[Annotated photo localization data]
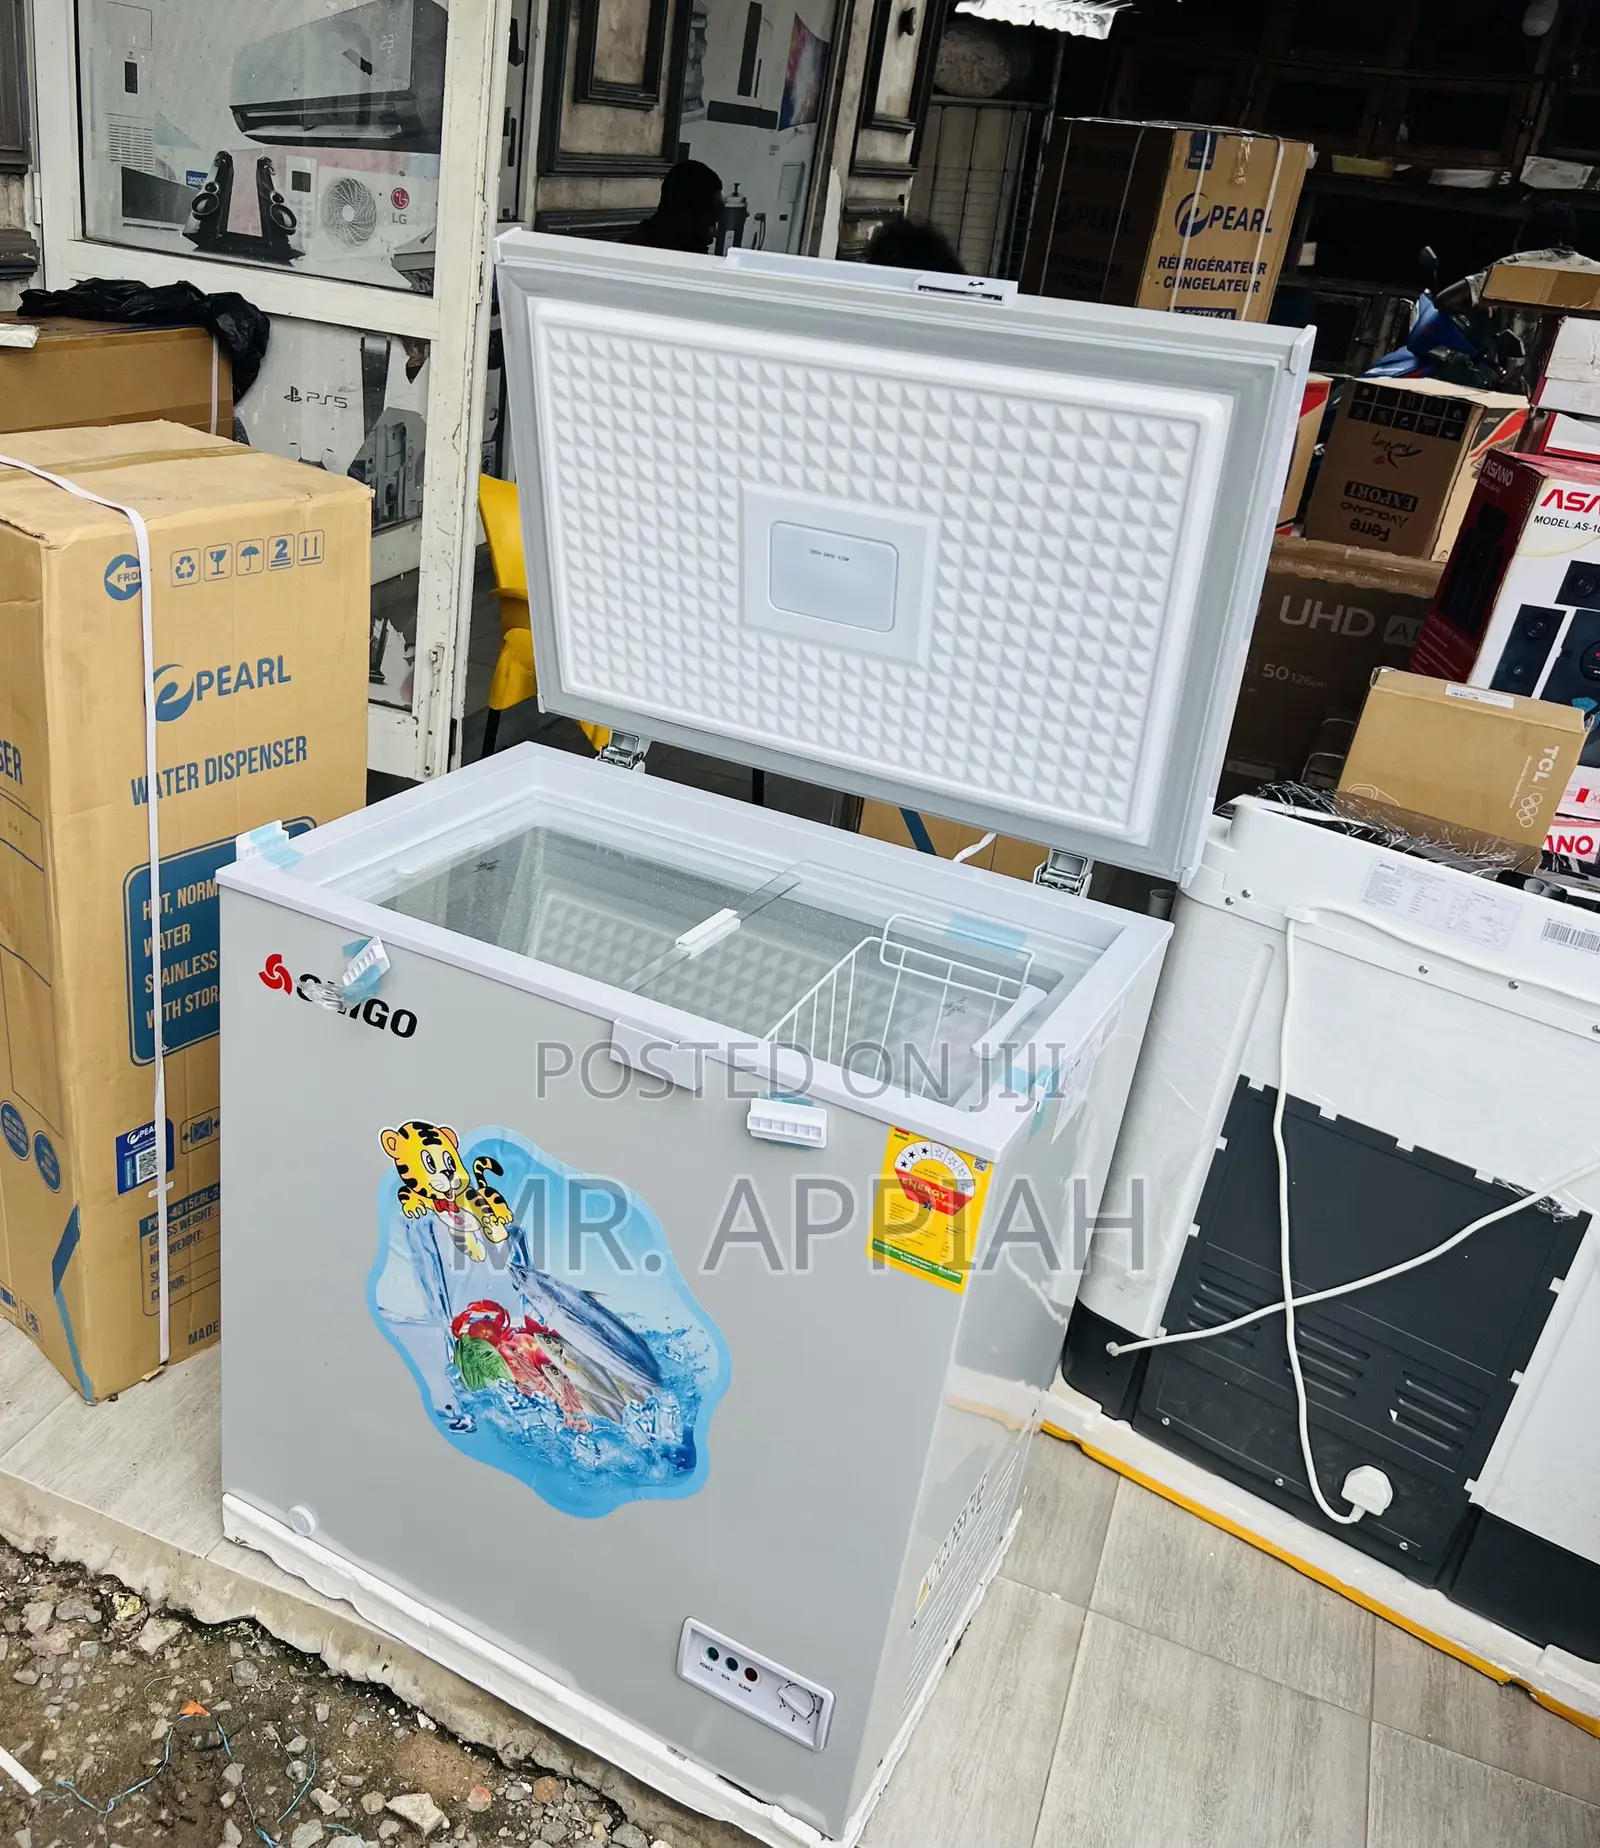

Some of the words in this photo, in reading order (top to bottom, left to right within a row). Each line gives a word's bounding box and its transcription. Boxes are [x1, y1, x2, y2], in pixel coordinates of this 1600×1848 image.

[391, 214, 408, 226] LG
[306, 391, 348, 409] PS5
[1348, 483, 1415, 511] EXPORT
[1350, 518, 1391, 543] Ferre
[1279, 595, 1376, 637] UHD
[196, 655, 292, 702] PEARL
[1262, 663, 1290, 681] 50
[204, 735, 308, 786] DISPENSER
[1532, 745, 1560, 783] TCL
[144, 950, 218, 994] SAINLESS
[146, 998, 182, 1030] WTH
[901, 1177, 948, 1202] ENERGY
[179, 1205, 215, 1232] WEIGHT:
[188, 1320, 219, 1346] MADE

- _Task_: In the copy, include no pictures; otherwise transcribe the entries exactly.

- _Completed task_:
Some of the words in this photo, in reading order (top to bottom, left to right within a row). Each line gives a word's bounding box and its transcription. Boxes are [x1, y1, x2, y2], in pixel coordinates of this 1600×1848 image.

[391, 214, 408, 226] LG
[306, 391, 348, 409] PS5
[1348, 483, 1415, 511] EXPORT
[1350, 518, 1391, 543] Ferre
[1279, 595, 1376, 637] UHD
[196, 655, 292, 702] PEARL
[1262, 663, 1290, 681] 50
[204, 735, 308, 786] DISPENSER
[1532, 745, 1560, 783] TCL
[144, 950, 218, 994] SAINLESS
[146, 998, 182, 1030] WTH
[901, 1177, 948, 1202] ENERGY
[179, 1205, 215, 1232] WEIGHT:
[188, 1320, 219, 1346] MADE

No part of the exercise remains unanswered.